→ **TASK TO CARRY OUT**
An exact repetition of every entry, with no images, is the required answer.

=== Section Start ===

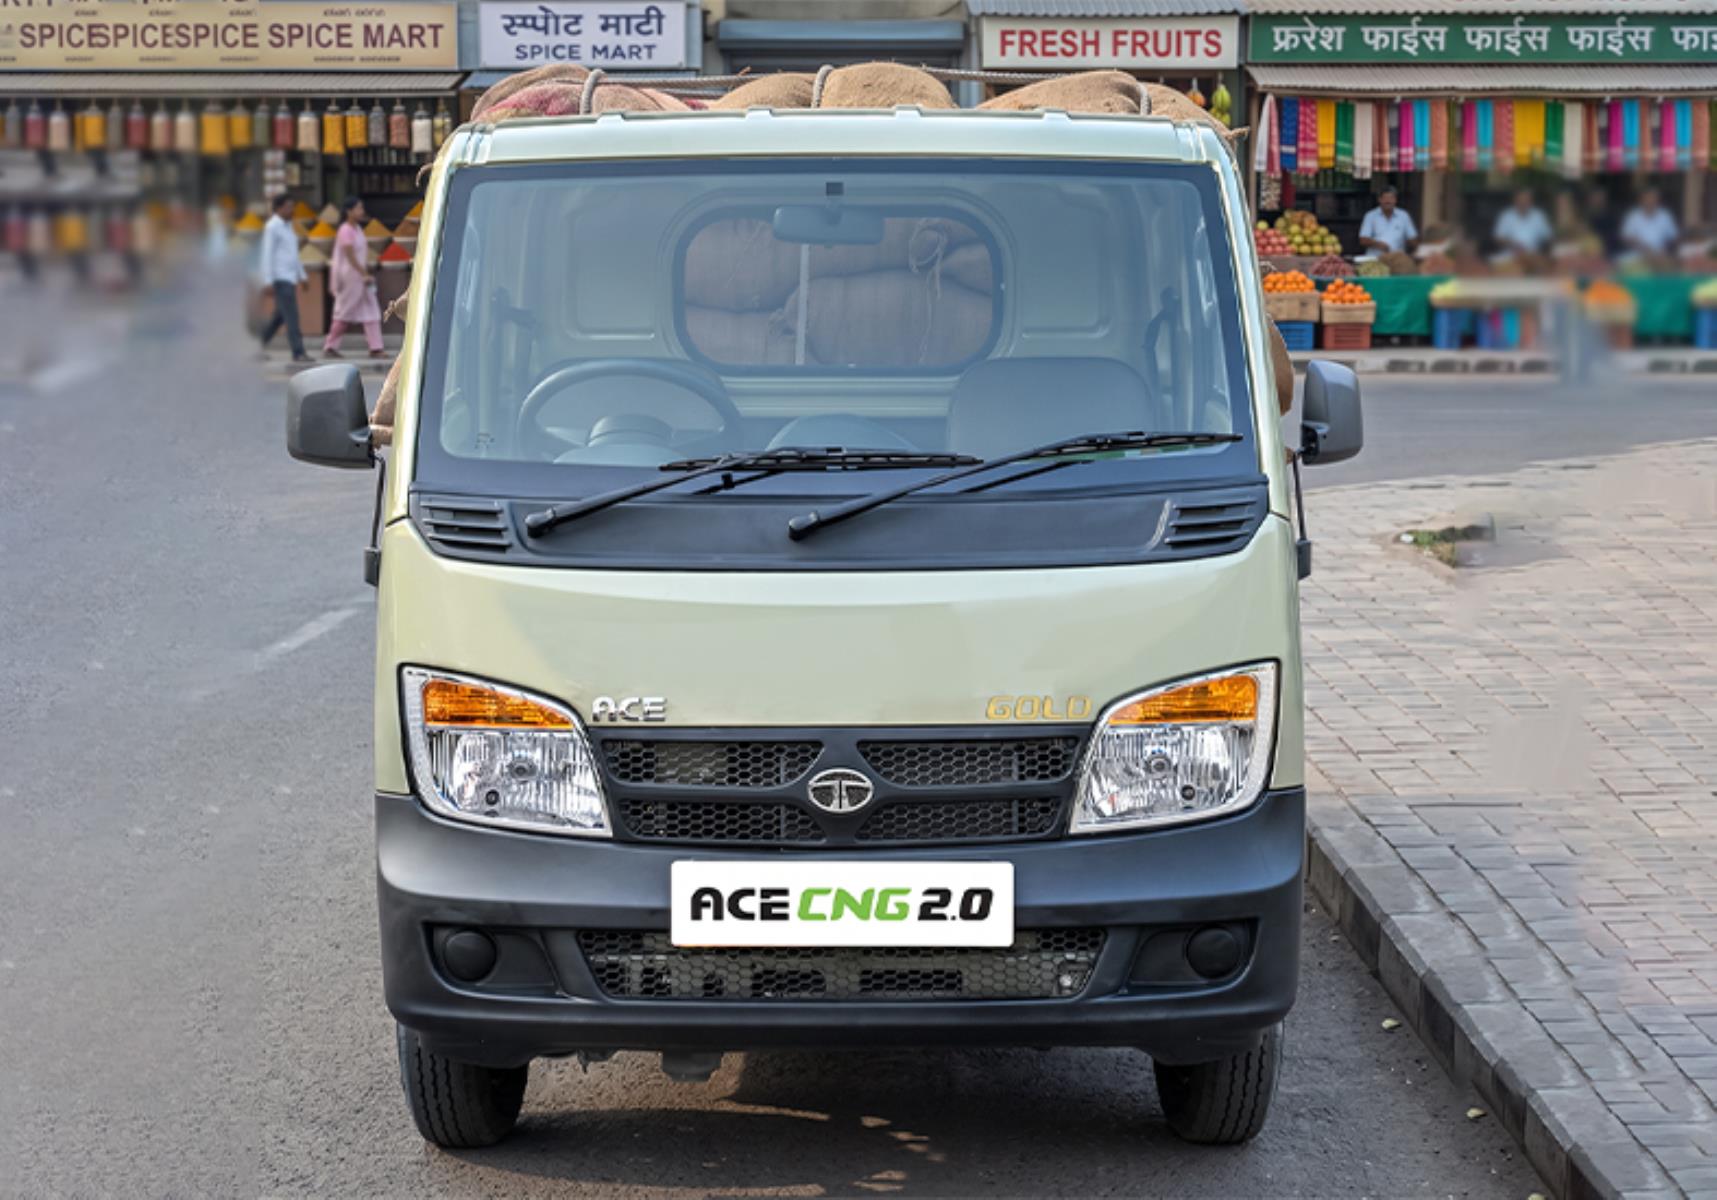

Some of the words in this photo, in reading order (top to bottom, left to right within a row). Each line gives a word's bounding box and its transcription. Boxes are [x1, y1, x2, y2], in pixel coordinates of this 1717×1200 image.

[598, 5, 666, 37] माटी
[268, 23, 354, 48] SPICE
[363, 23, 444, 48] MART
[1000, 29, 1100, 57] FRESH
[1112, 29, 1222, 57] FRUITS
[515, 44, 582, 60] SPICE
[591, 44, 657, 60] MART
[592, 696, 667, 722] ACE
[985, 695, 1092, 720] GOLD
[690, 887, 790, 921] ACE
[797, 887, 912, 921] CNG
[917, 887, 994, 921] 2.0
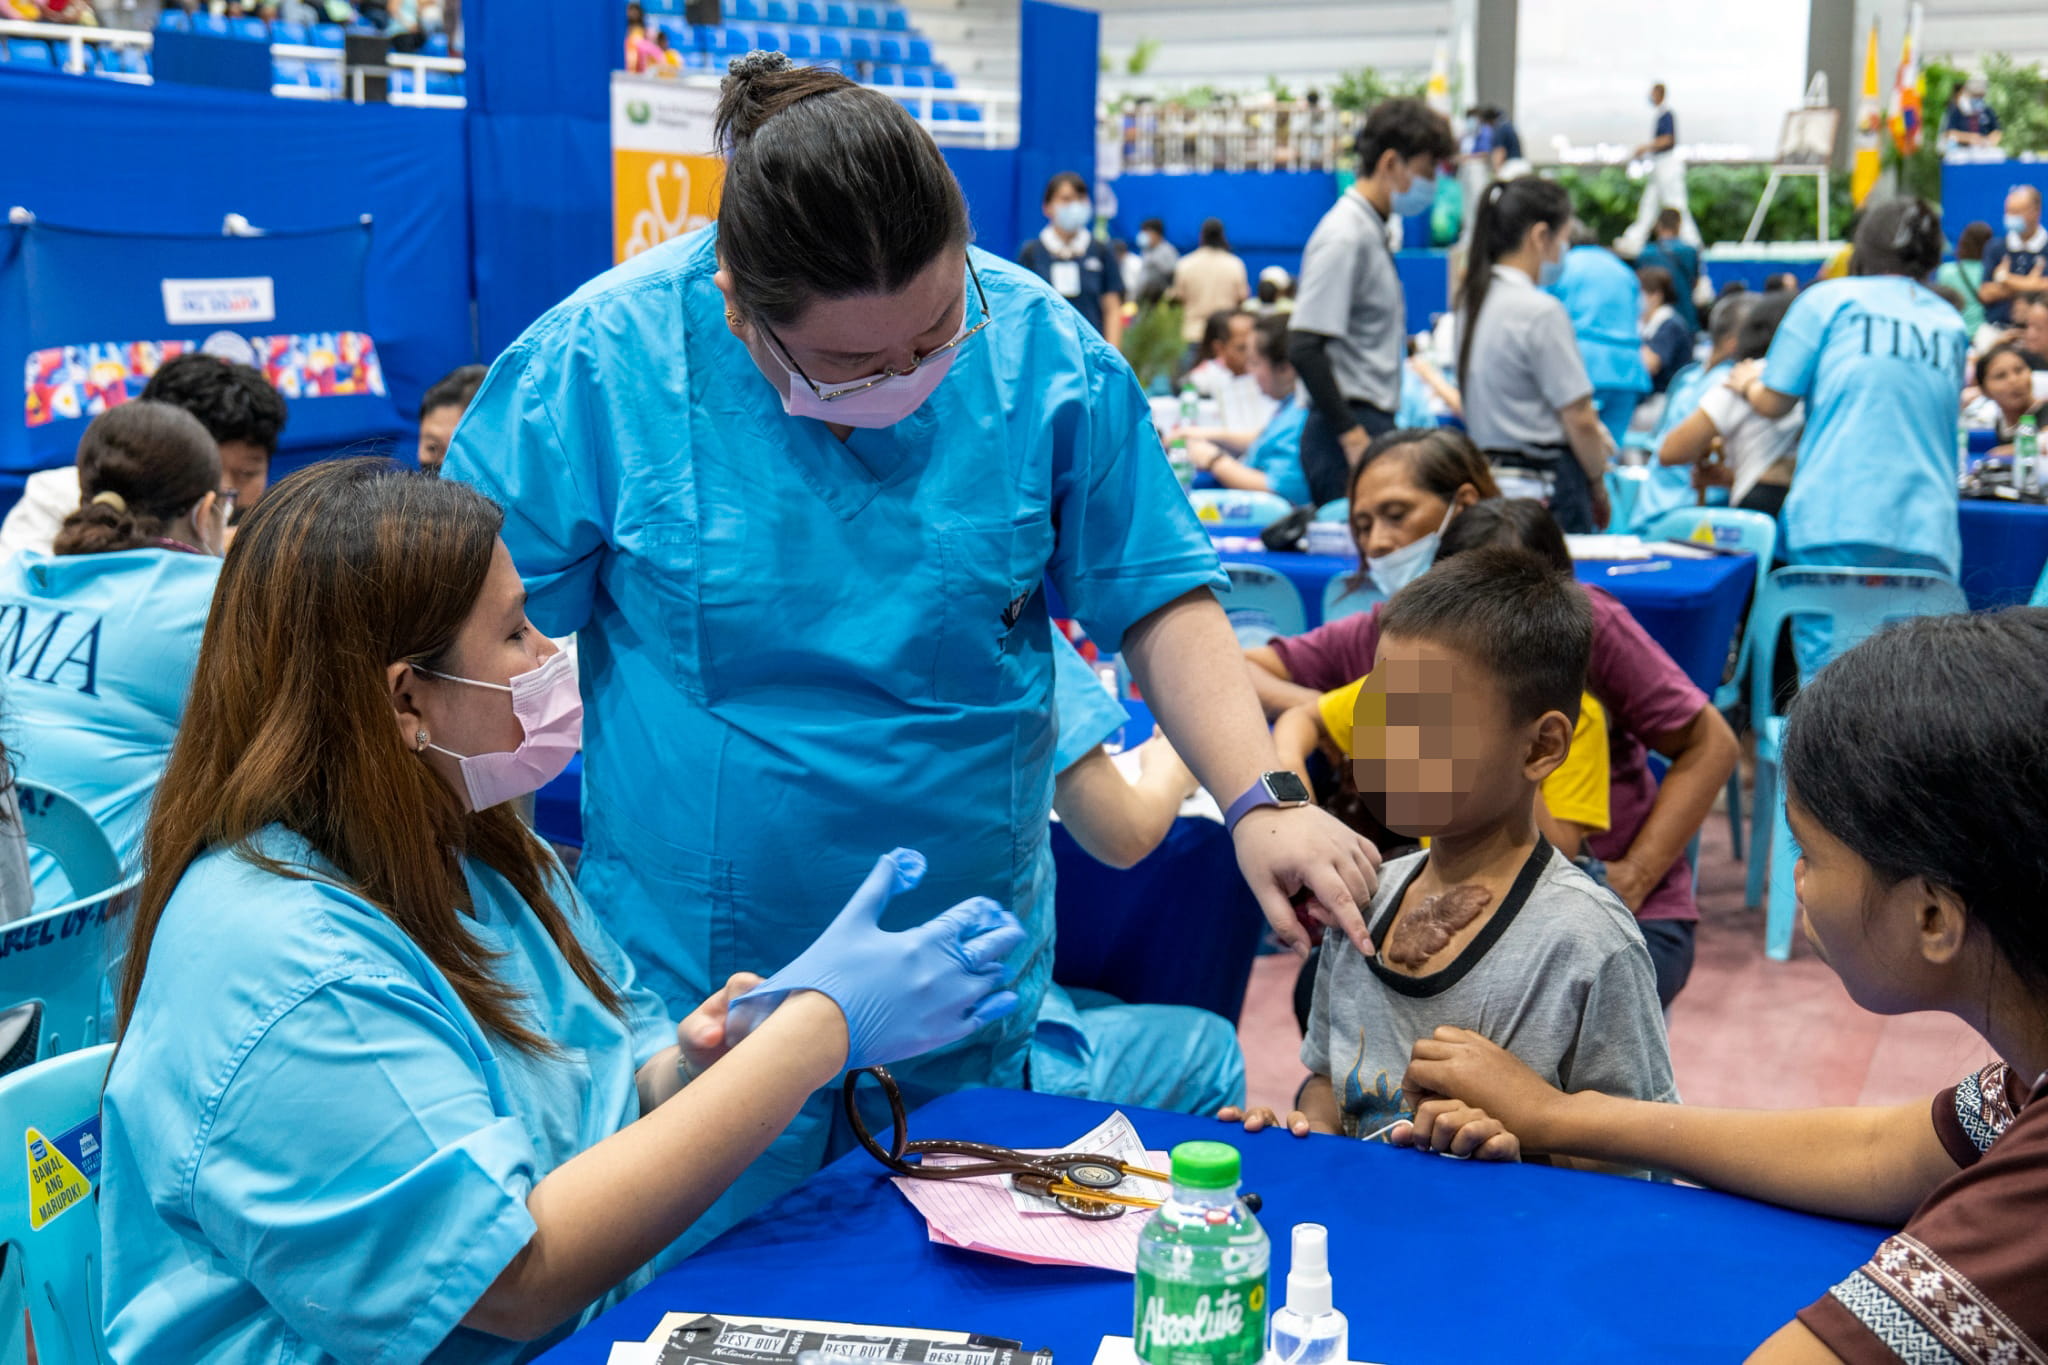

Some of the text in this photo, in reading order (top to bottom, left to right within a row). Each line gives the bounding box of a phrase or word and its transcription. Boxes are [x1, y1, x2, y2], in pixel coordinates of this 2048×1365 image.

=== Section End ===

→ **ANSWER SECTION**
Some of the words in this photo, in reading order (top to bottom, left to right within a row). Each line gives a word's bounding box and its transcription. Boxes are [x1, y1, x2, y2], in pixel coordinates of this 1717×1200 image.

[598, 5, 666, 37] माटी
[268, 23, 354, 48] SPICE
[363, 23, 444, 48] MART
[1000, 29, 1100, 57] FRESH
[1112, 29, 1222, 57] FRUITS
[515, 44, 582, 60] SPICE
[591, 44, 657, 60] MART
[592, 696, 667, 722] ACE
[985, 695, 1092, 720] GOLD
[690, 887, 790, 921] ACE
[797, 887, 912, 921] CNG
[917, 887, 994, 921] 2.0

Some of the text in this photo, in reading order (top to bottom, left to right within a row). Each line gives the bounding box of a phrase or word and its transcription. Boxes are [x1, y1, x2, y2], in pixel coordinates of this 2048×1365 image.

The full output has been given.